• **Task goal**
Exact copies of all the lines below are needed, without the pictures.

• **Source material**
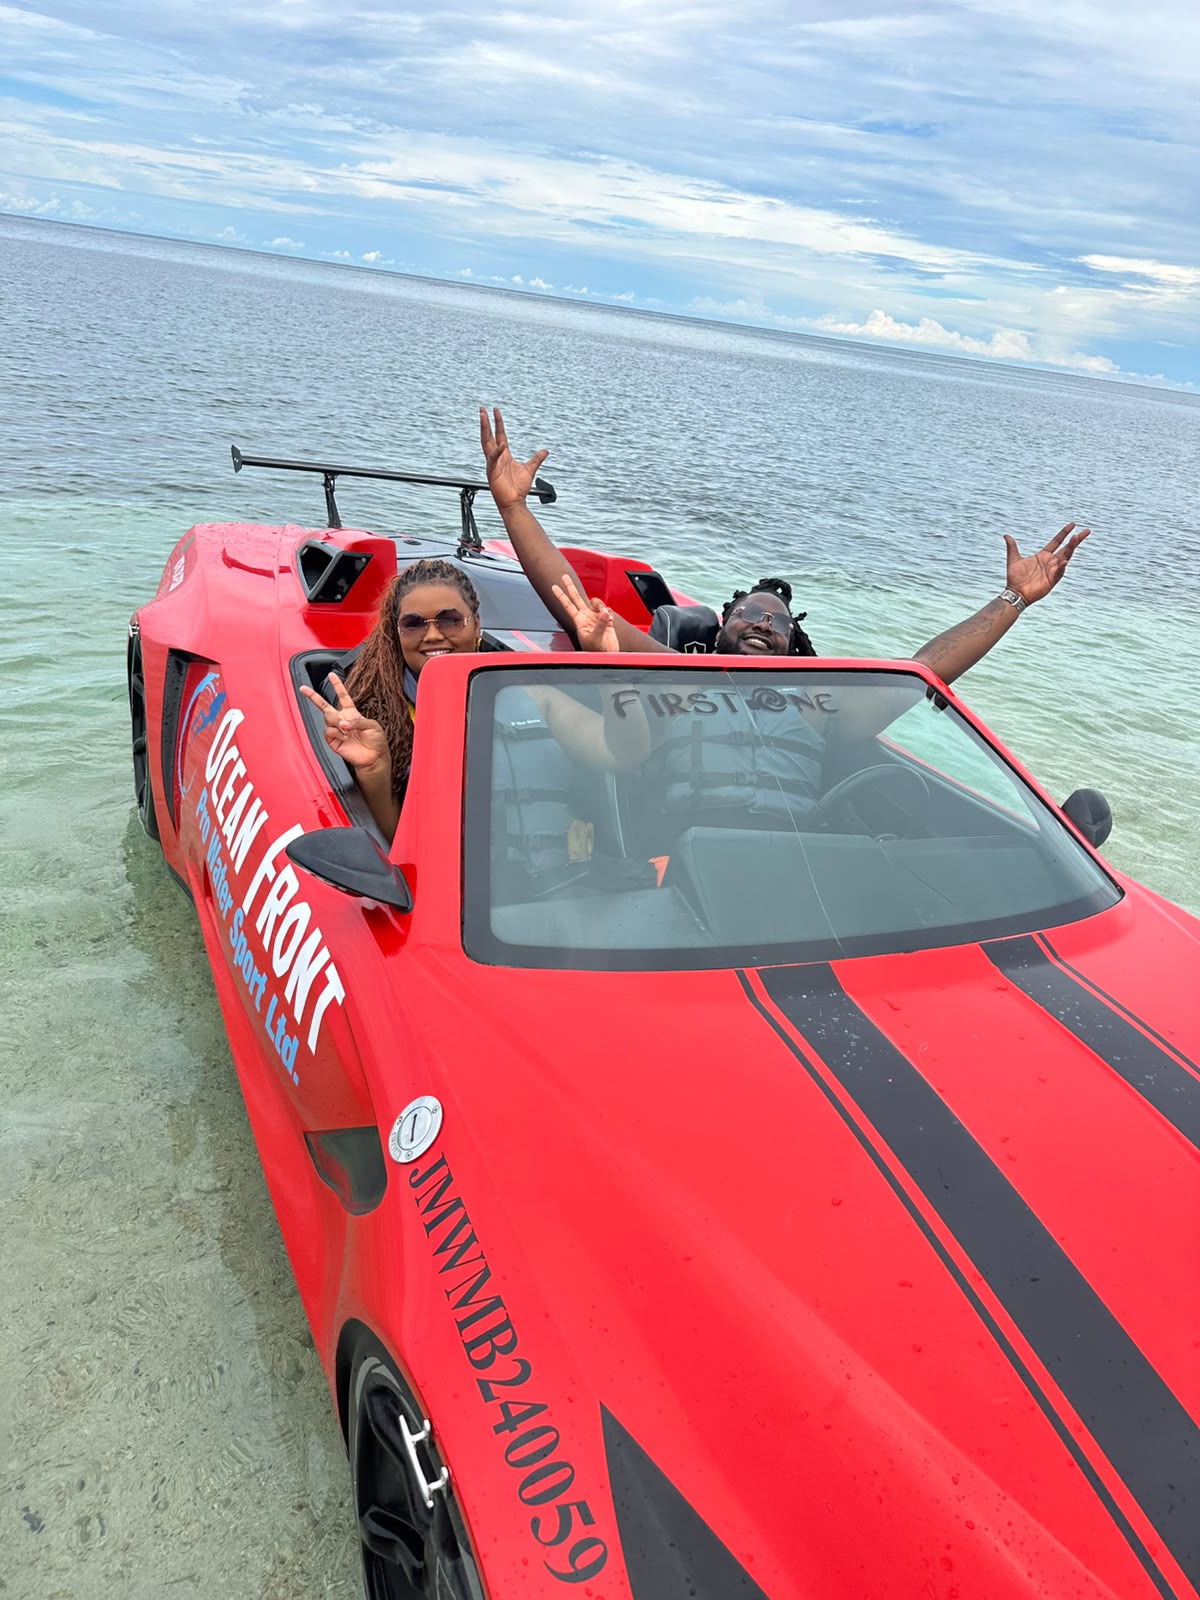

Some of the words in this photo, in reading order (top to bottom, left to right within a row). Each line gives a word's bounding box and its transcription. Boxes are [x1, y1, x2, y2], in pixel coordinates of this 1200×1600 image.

[611, 688, 738, 719] FIRST
[196, 787, 211, 845] Pro
[206, 833, 233, 920] Water
[229, 907, 268, 1012] Sport
[264, 993, 300, 1086] Ltd.
[205, 708, 269, 874] OCEAN
[242, 823, 345, 1056] FRONT
[408, 1151, 608, 1585] JMWMB240059
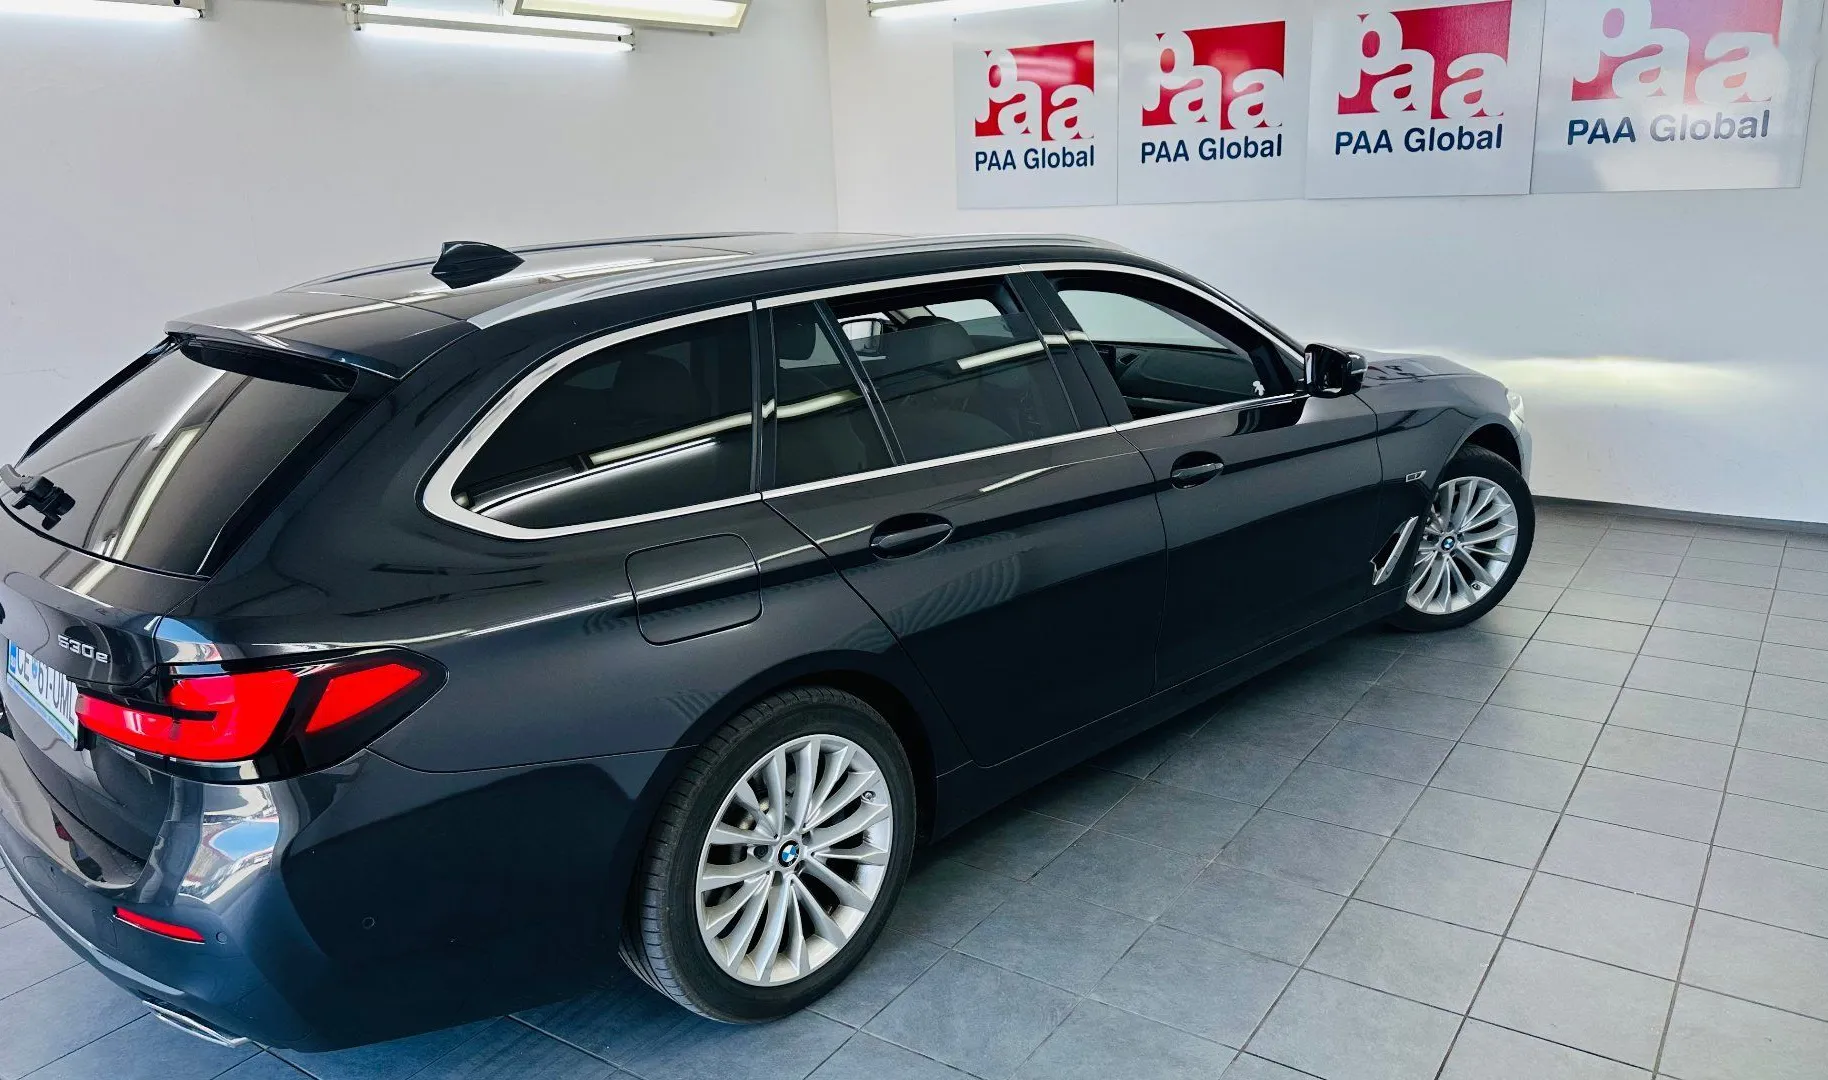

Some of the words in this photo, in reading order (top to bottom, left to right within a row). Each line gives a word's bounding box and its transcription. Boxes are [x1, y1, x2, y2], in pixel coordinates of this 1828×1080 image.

[1334, 129, 1394, 155] PAA
[1403, 123, 1503, 152] Global
[1567, 117, 1637, 146] PAA
[1649, 110, 1771, 142] Global
[974, 149, 1017, 172] PAA
[1023, 145, 1095, 170] Global
[1140, 139, 1190, 164] PAA
[1198, 134, 1283, 161] Global
[57, 634, 110, 664] 530e

• **Solution for this task**
Some of the words in this photo, in reading order (top to bottom, left to right within a row). Each line gives a word's bounding box and its transcription. Boxes are [x1, y1, x2, y2], in pixel coordinates of this 1200×1600 image.

[611, 688, 738, 719] FIRST
[196, 787, 211, 845] Pro
[206, 833, 233, 920] Water
[229, 907, 268, 1012] Sport
[264, 993, 300, 1086] Ltd.
[205, 708, 269, 874] OCEAN
[242, 823, 345, 1056] FRONT
[408, 1151, 608, 1585] JMWMB240059

Some of the words in this photo, in reading order (top to bottom, left to right within a row). Each line gives a word's bounding box and its transcription. Boxes are [x1, y1, x2, y2], in pixel coordinates of this 1828×1080 image.

[1334, 129, 1394, 155] PAA
[1403, 123, 1503, 152] Global
[1567, 117, 1637, 146] PAA
[1649, 110, 1771, 142] Global
[974, 149, 1017, 172] PAA
[1023, 145, 1095, 170] Global
[1140, 139, 1190, 164] PAA
[1198, 134, 1283, 161] Global
[57, 634, 110, 664] 530e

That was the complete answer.